Na obra, a protagonista Virgínia (Vera Holtz) é uma mulher que cuida da mãe (Vera Valdez) quase centenária e se prepara para receber as irmãs Vanda (Arlete Salles) e Valquíria (Louise Cardoso) para o Natal. E, como em uma boa família brasileira, aos poucos vão se revelando camadas de conflito e humor, principalmente por conta das escolhas e ressentimentos de cada uma das irmãs.
É quase desnecessário ressaltar o quanto o elenco do filme é essencial para o seu funcionamento, se tratando de um drama familiar. Além das três irmãs incríveis em demonstrar suas semelhanças e principalmente diferenças, o elenco de apoio também complexifica a história a partir da criação de personagens complexos ou que causam boas pausas cômicas na narrativa. A própria Vera Valdez é capaz de demonstrar a força mental e fragilidade física sem sequer uma palavra dita. Antônio Pitanga consegue trazer a dificuldade do envelhecimento sem perder a essência. E o elenco jovem de Daniela Fontan e Iuri Saraiva também consegue trazer o ponto alto e baixo da juventude em relação aos mais velhos.
Ainda que fale muito sobre o envelhecimento, Fabio Meira consegue trazer um olhar gentil e dinâmico para suas personagens. De acordo com ele, inspirado na própria família, seu olhar audiovisual mostra as mulheres como fortes, ainda que complexas. Com um excelente conhecimento técnico e um elenco sensacional, ele consegue trazer à tona uma realidade brasileira comum através de uma forma particular e com cada detalhe muito bem pensado.

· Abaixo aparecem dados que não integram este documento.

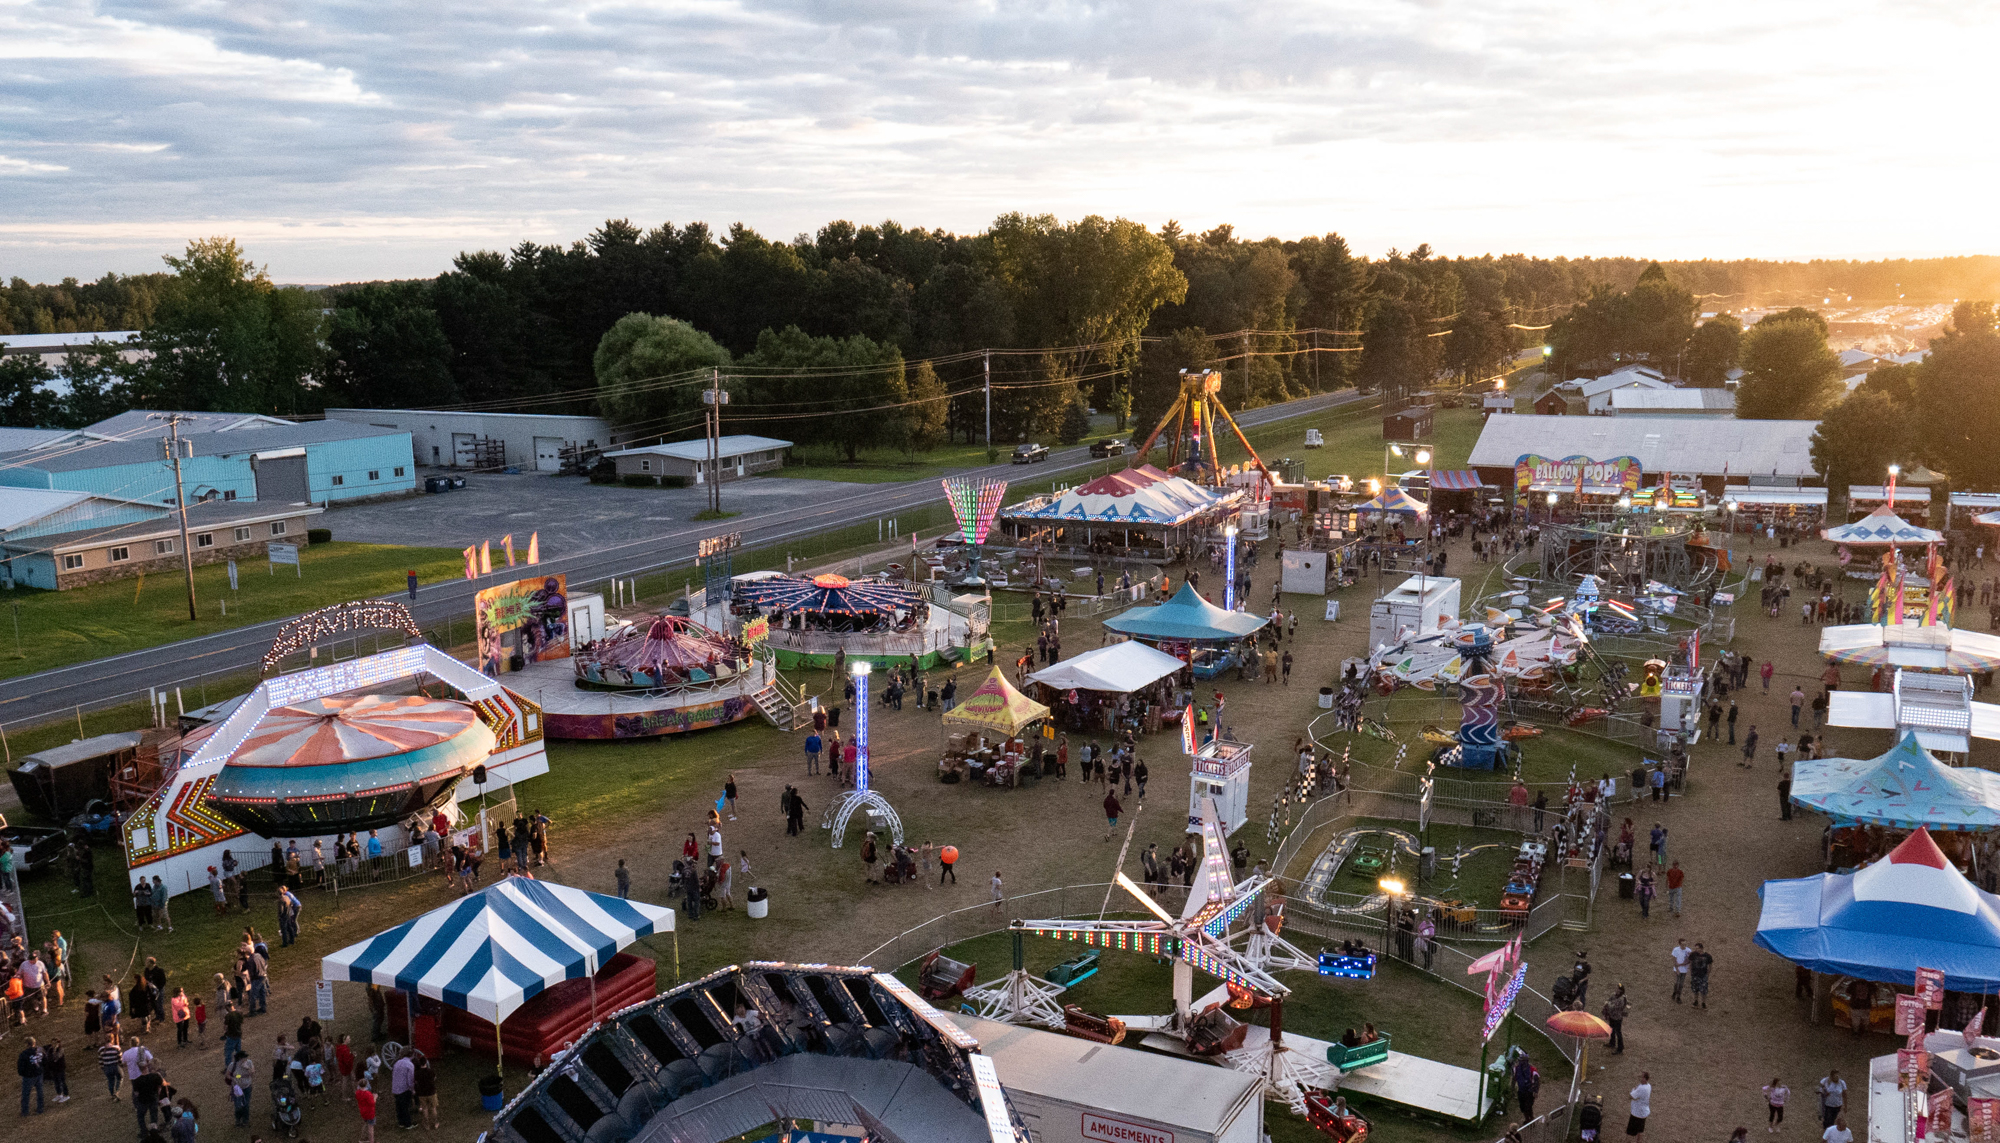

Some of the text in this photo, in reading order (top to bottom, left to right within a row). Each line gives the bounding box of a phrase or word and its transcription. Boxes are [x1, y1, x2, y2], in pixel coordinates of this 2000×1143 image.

[1535, 464, 1579, 480] BALLOON
[1584, 464, 1619, 481] POP!
[262, 600, 422, 676] GRAVITRON
[1667, 680, 1692, 691] TICKETS
[642, 706, 724, 728] BREAK DANCE
[1197, 760, 1224, 774] TICKETS
[1230, 754, 1247, 773] TICKETS
[1921, 971, 1940, 979] SNO
[1900, 1000, 1923, 1009] COTTON
[1090, 1122, 1165, 1143] AMUSEMENTS

A locação escolhida e a direção de arte realizadas também ajudam na climatização do espectador, que certamente reconhecerá elementos comuns à sua família, do ferro de passar antigo até as taças de cristal. Mas isso é feito de maneira orgânica, com cada objeto em cena tendo o seu papel a cumprir e não aparecendo em planos mais detalhados apenas para preencher tempo. Junta-se a isso o figurino primoroso que trás a decadência misturada com a vaidade, seja nos brincos da bisavó ou no casaco de pele.

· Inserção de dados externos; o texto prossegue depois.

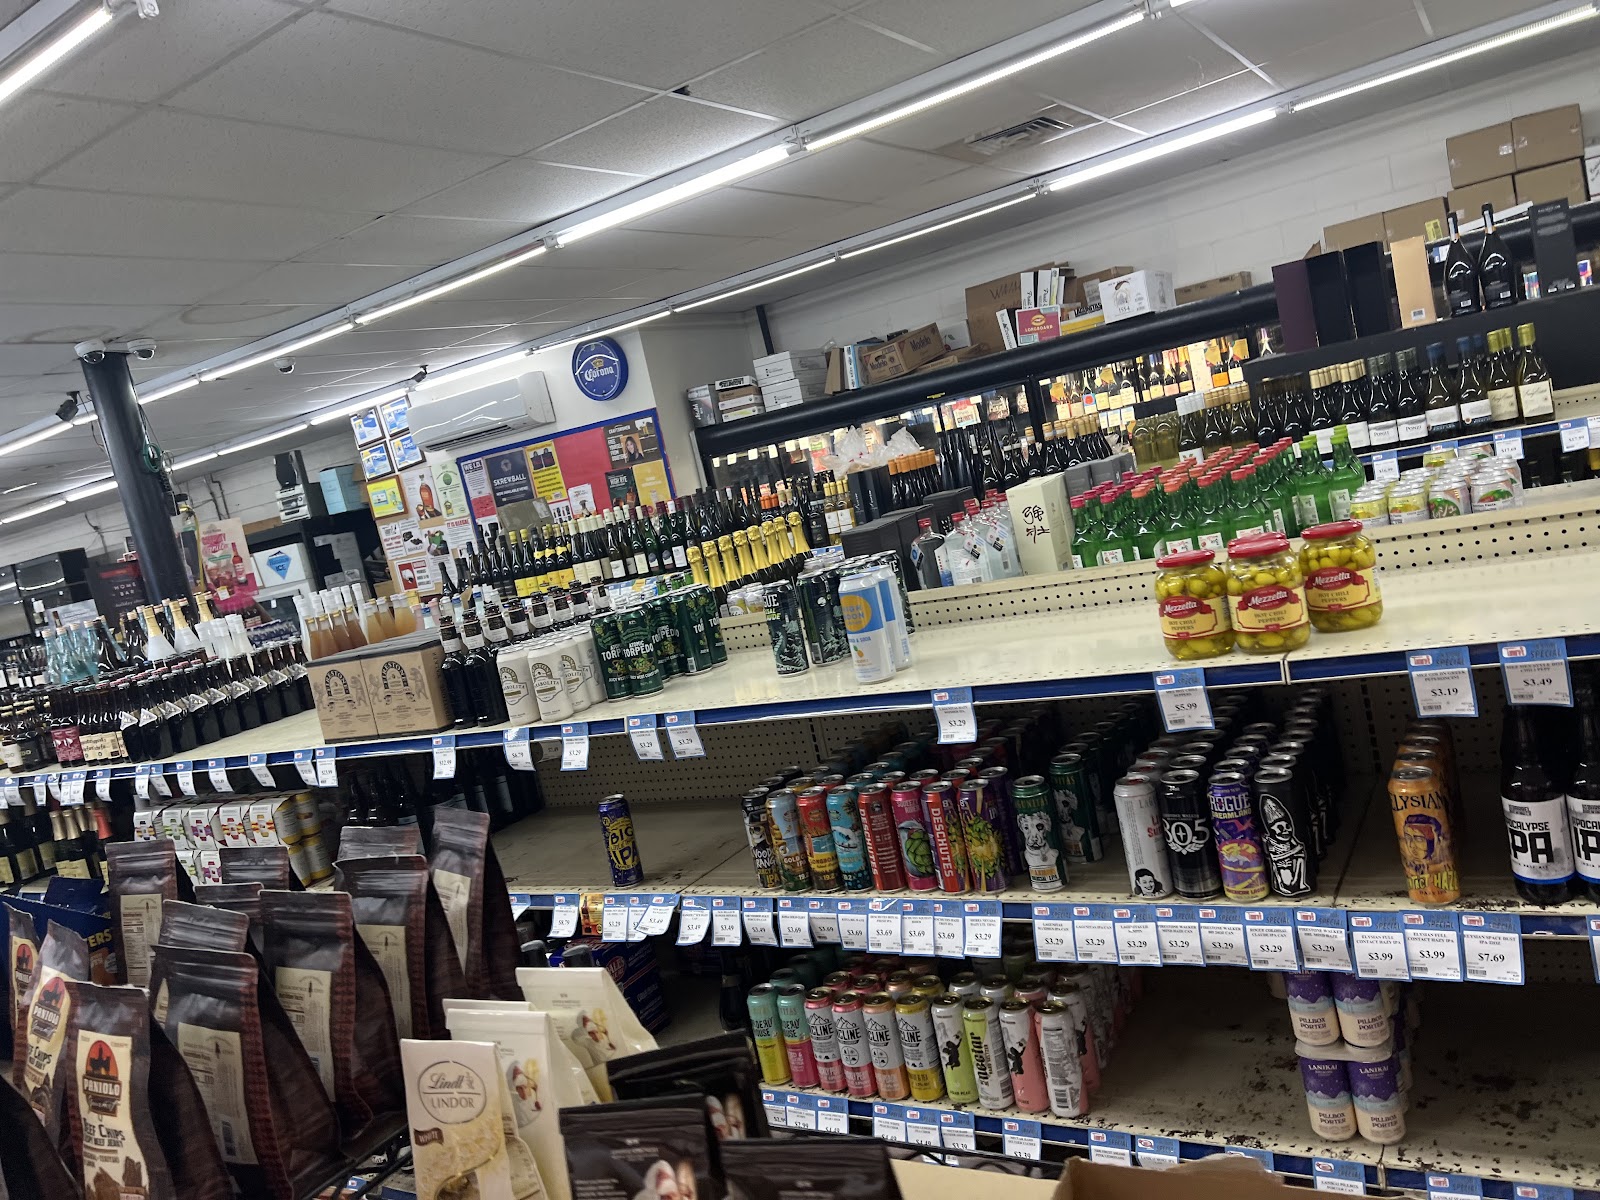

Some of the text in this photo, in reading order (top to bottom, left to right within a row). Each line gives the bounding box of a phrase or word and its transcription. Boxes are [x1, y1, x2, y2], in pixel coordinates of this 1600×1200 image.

[910, 336, 931, 352] Modelo
[870, 359, 888, 370] Modelo
[584, 365, 614, 382] Corona
[463, 463, 472, 472] WE
[493, 474, 527, 486] SKREWBALL
[275, 563, 286, 572] ICE
[1313, 572, 1351, 586] Mezzetta
[114, 582, 137, 590] HOME
[119, 589, 135, 597] BAR
[1247, 591, 1288, 606] Mezzetta
[1163, 601, 1198, 614] Mezzetta
[623, 643, 654, 658] TORPEDO
[1523, 678, 1553, 687] $3.49
[1431, 687, 1459, 697] $3.19
[1175, 702, 1198, 712] $5.99
[948, 719, 967, 728] $3.29
[1210, 794, 1251, 812] ROGUE
[610, 826, 634, 846] BIG
[859, 808, 879, 876] DESCHUTES
[931, 808, 954, 878] DESCHUTES
[1510, 828, 1555, 864] PA
[1574, 826, 1600, 861] IP
[612, 841, 638, 865] IPA
[784, 855, 799, 863] GOLD
[88, 929, 112, 947] ERS
[876, 929, 893, 937] $3.69
[908, 930, 925, 938] $3.69
[937, 932, 955, 940] $3.69
[1044, 938, 1064, 946] $3.29
[1085, 938, 1105, 947] $3.29
[1127, 941, 1148, 949] $3.29
[1168, 940, 1190, 949] $3.29
[1211, 942, 1234, 950] $3.29
[1259, 945, 1283, 953] $3.29
[1311, 944, 1335, 952] $3.29
[1368, 952, 1393, 961] $3.99
[1419, 950, 1445, 959] $3.99
[1478, 953, 1505, 962] $7.69
[33, 1005, 60, 1027] PANIOLO
[1357, 1015, 1383, 1025] PILLBOX
[1358, 1021, 1384, 1031] PORTER
[1359, 1065, 1389, 1074] LANIKAI
[428, 1073, 464, 1090] Lindt
[83, 1078, 120, 1097] PANIOLO
[430, 1097, 476, 1109] LINDOR
[1370, 1114, 1397, 1122] PILLBOX
[1372, 1120, 1398, 1128] PORTER
[99, 1125, 126, 1141] CHIPS
[418, 1130, 439, 1143] WHITE

É impressionante como o clima familiar mostrado no filme se reflete na coletiva de imprensa cedida com resultados muito positivos. Com elenco entrosado com a equipe técnica e o diretor sendo elogiado por todos que trabalharam com ele, percebe-se o esmero com que a obra foi esculpida ao longo dos últimos anos. Tanto através do amadurecimento do diretor quanto por encontrar um elenco que estivesse à altura de suas personagens, ele parece tomar uma vida própria que transpassa as barreiras da tela. É um momento muito feliz para o cinema brasileiro em recuperação e para um público que se emocionará com uma história realista de forma quase casual.
Filme sem previsão de data de lançamento no circuito comercial.
Sessão de curtas:
A Última Vez Que Ouvi Deus Chorar (Marco Antônio Pereira, 2023)
Talvez uma das experiências cinematográficas mais diferentes que assisti no festival, o curta se destaca por preferir as sensações à uma lógica mais tradicional de fazer cinema. Misturando o clima do interior de Minas Gerais (mais especificamente, Cordisburgo) do diretor com a temática mais ampla da miséria humana, ele é com certeza um filme que ninguém sai completamente indiferente.
Camaco (Breno Alvarenga, 2023)
Completando a dupla de curtas mineiros, é contada a história de resistência da linguagem criada em Itabira. Mesmo com um recorte bastante específico e do uso apenas de imagens de acervo, as entrevistas utilizadas para criar a linha narrativa mostram um povo que segue com suas tradições apesar de uma tendência brasileira a normatizar toda a sua população, o que é excelente.